Planes jetting between Singapore and China next week will be carrying some of the first passengers of the two nations’ “Covid-19 travel “bubble.” Before then flights linked to China were starting to become a political matter, as the nation took issue with places from the United States to Vietnam for canceling travel in the wake of the virus emergency.
A new world of travel
Passengers have to be sponsored by a government agency or a company and were able to start applying for the “fast lane” for essential travel on Monday, according to Singapore’s trade and foreign ministries. Approval means residents can travel between China and Singapore without a quarantine if they test negative for the virus and follow other rules.
Flights had become yet another global flashpoint of the Covid-19 chaos, particularly in the already tense relations between the world’s two biggest economies.
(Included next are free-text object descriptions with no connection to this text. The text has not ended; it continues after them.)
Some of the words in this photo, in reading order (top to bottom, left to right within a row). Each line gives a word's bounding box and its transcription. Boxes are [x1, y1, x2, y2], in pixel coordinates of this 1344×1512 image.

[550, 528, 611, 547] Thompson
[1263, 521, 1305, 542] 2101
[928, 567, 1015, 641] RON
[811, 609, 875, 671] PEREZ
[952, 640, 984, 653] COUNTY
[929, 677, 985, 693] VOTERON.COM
The U.S. was like most nations that had suspended flights from China to curb the virus, but tensions escalated this month when both sides moved to restrict airlines from the other nation. Both sides have since eased up on the planned restrictions.
Signs of economic life
The joint decision by China and Singapore to allow some travel also eases up on virus-related limits. “It will be a long while before life returns to near normal, but we are beginning to see some light,” the Singapore Minister of Transport Khaw Boon Wan said of the plan to increase flights, via a Facebook post. “However, recreational travel will have to take a back seat for now.”
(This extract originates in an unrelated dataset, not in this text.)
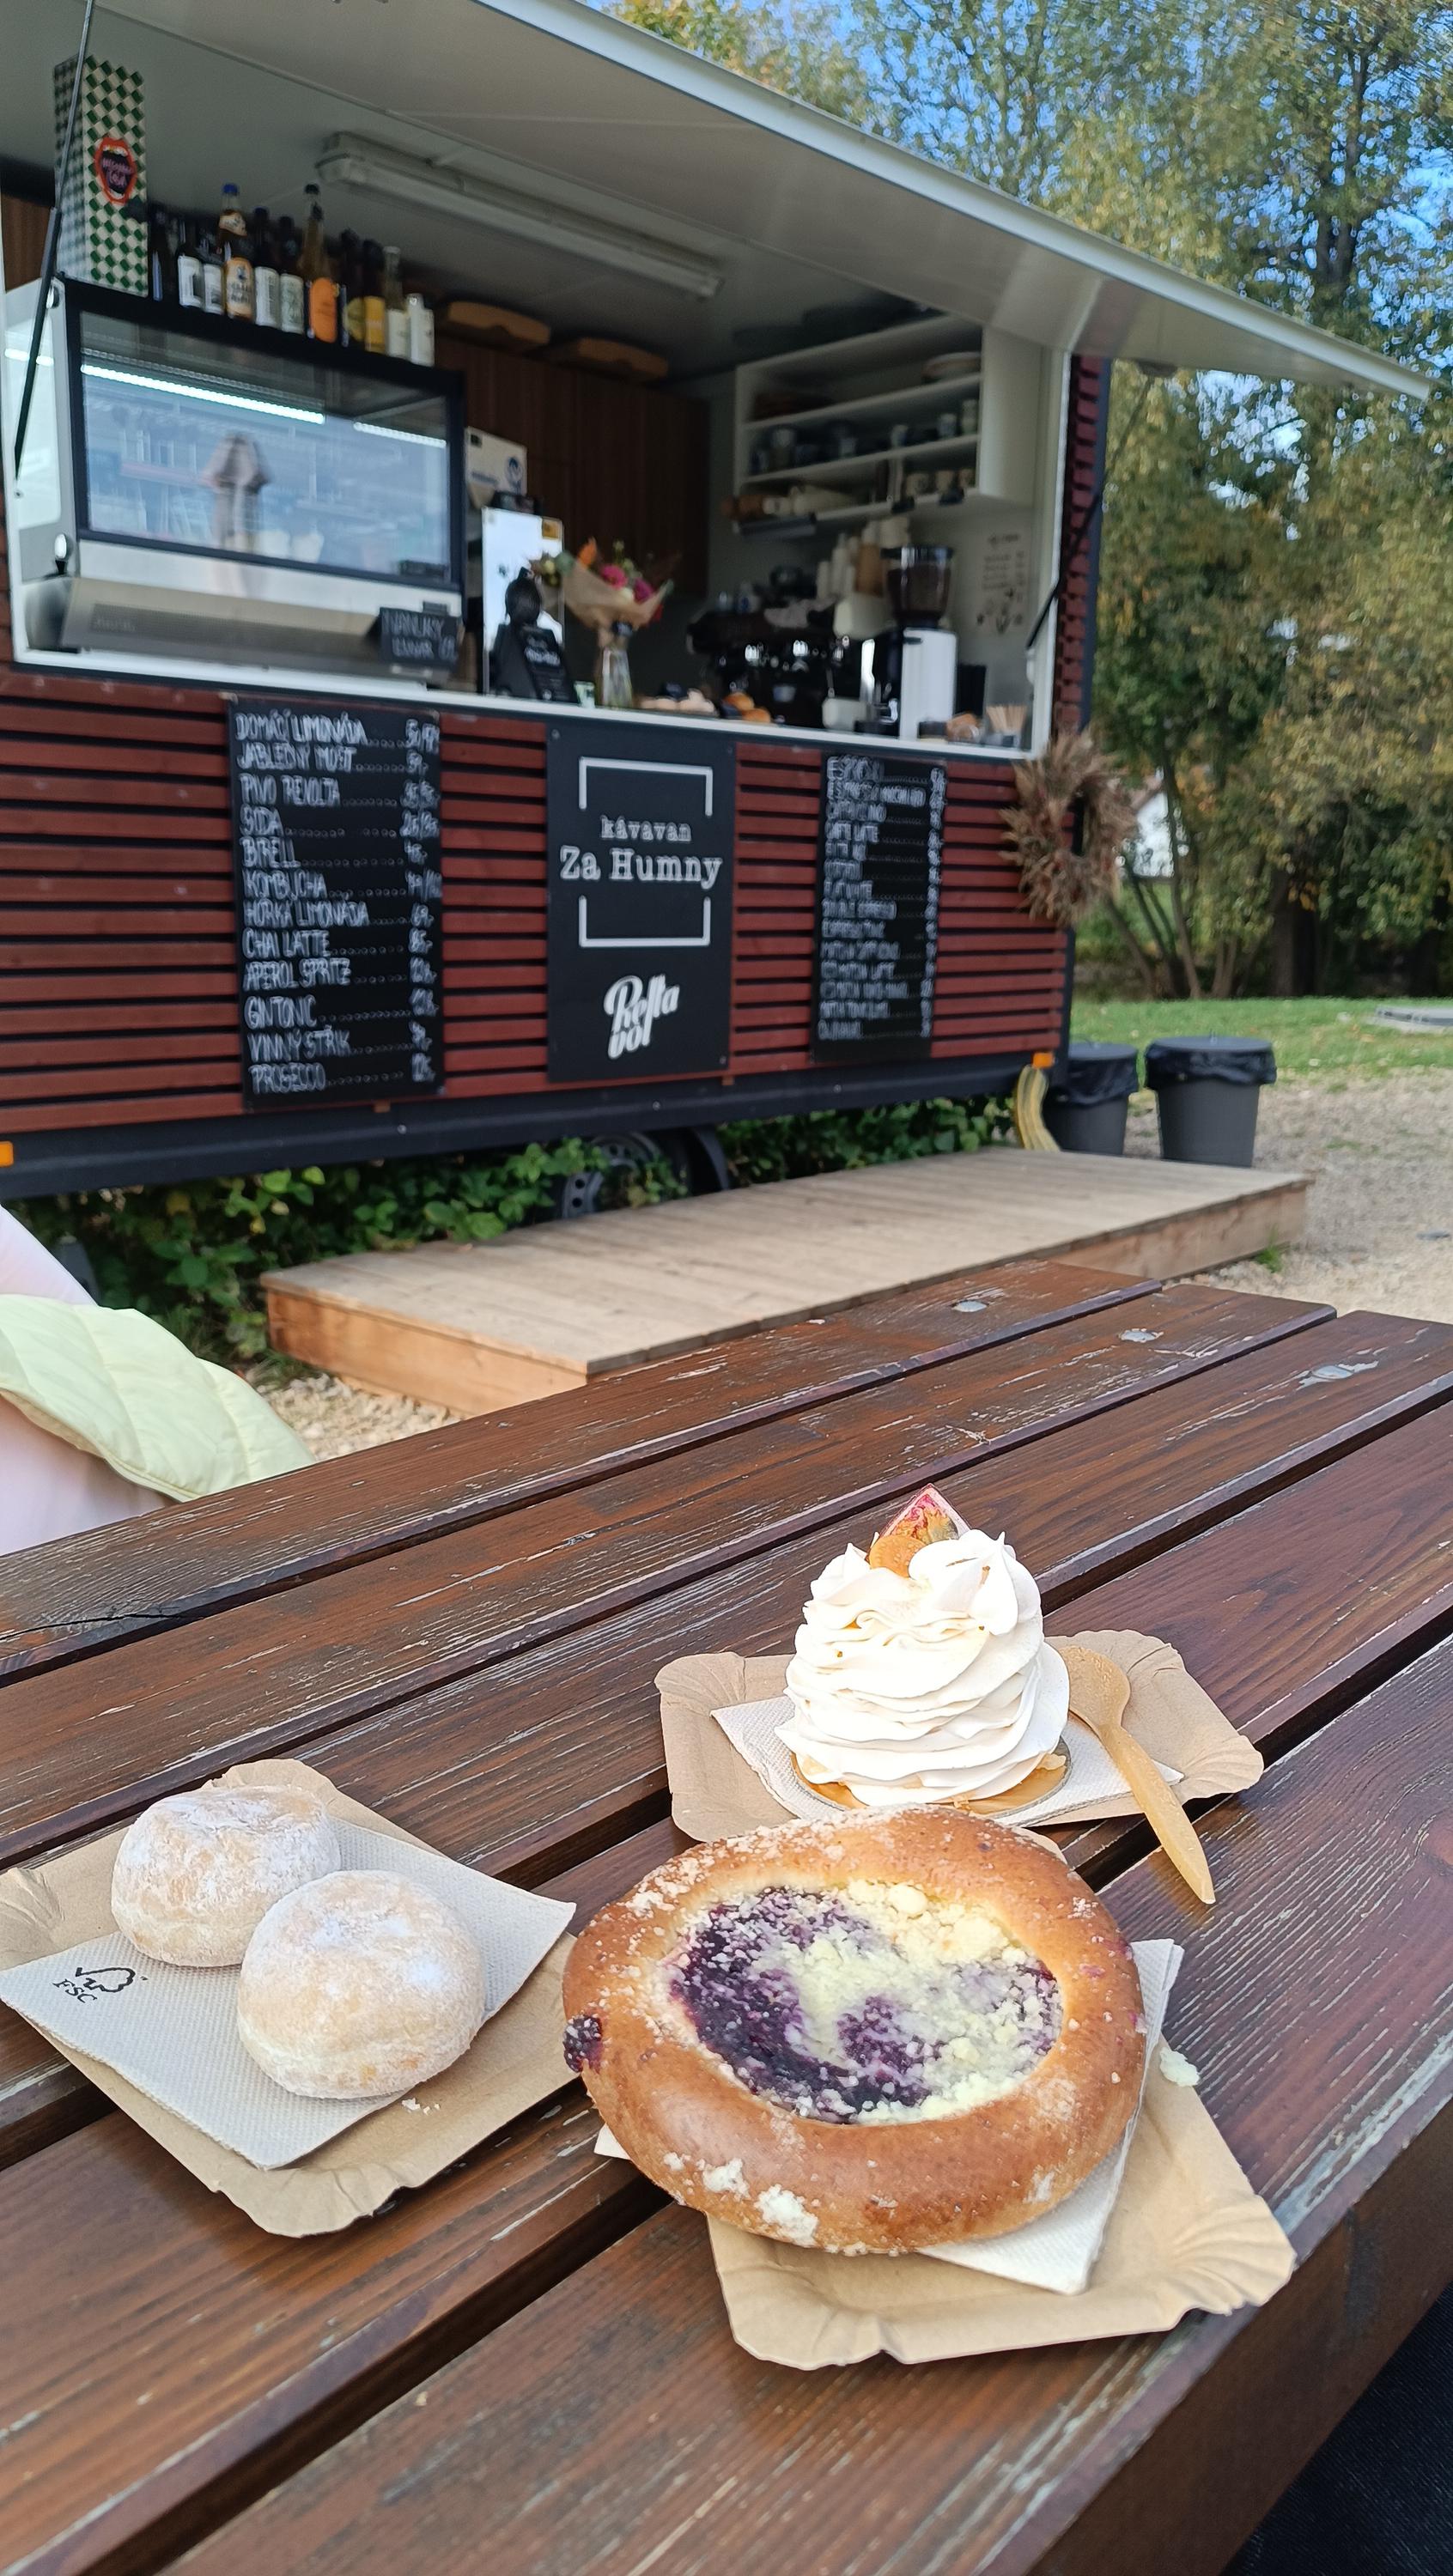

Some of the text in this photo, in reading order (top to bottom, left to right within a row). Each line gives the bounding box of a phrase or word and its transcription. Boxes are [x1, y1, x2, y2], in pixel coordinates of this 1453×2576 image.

The limited flights are mostly meant for business and official travel. With the coronavirus spreading around the world from the start of the year, international travel has plummeted to near oblivion. However some nations that were able to curb the spread have struck agreements with their neighbors to form a “bubble” of limited travel without a quarantine, because of the lower risk of each other’s citizens passing on the virus. Denmark and Norway have done that, for instance, as have Australia and New Zealand. Singapore, along with South Korea and Canada, are working with the latter two nations on opening up to further travel as well.
China heavily involved
The fast lane will allow for essential travel between Singapore and six cities in China: Shanghai, Guangdong, Tianjin, Chongqing, Jiangsu and Zhejiang. That could help facilitate business for companies such as LabMed, which produces personal and protective medical equipment in China and sends it to Singapore to be distributed to the rest of the world. The company has contracted out to GEODIS to handle logistics, a sector that has become more complicated with Covid-19.
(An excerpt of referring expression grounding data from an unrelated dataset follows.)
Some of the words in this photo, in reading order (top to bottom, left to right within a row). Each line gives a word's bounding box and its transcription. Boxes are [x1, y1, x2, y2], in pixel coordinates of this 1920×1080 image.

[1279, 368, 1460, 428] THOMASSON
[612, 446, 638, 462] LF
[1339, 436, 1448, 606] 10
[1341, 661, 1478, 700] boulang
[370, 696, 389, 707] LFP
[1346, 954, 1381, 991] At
“During the current pandemic, we are even more intimately involved in the business of local customers who partner with us,” Rene Bach-Larsen, the managing director for the Southeast Asian subregion at GEODIS, said. “As an essential service, we continue to fast track their growth, using for instance, specially arranged weekly scheduled flights to many destinations.”
Help for the economy
While some Singaporeans question whether the fast lane is a safe public health decision, the increased business travel is expected to aid the economic recovery in China and Singapore. China’s gross domestic product contracted 6.8% in the first quarter of the year because of Covid-19, marking the first contraction in about three decades. Singapore forecast GDP would contract between 4% and 7% in 2020, the worst the economy will have seen in more than half a century.
To take advantage of the travel bubble, passengers have to apply to their respective governments and, if approved, pay for and pass the coronavirus test twice - before departure and after landing. They will then be allowed to travel on an approved itinerary but will not have to quarantine for two weeks, as is common in other nations.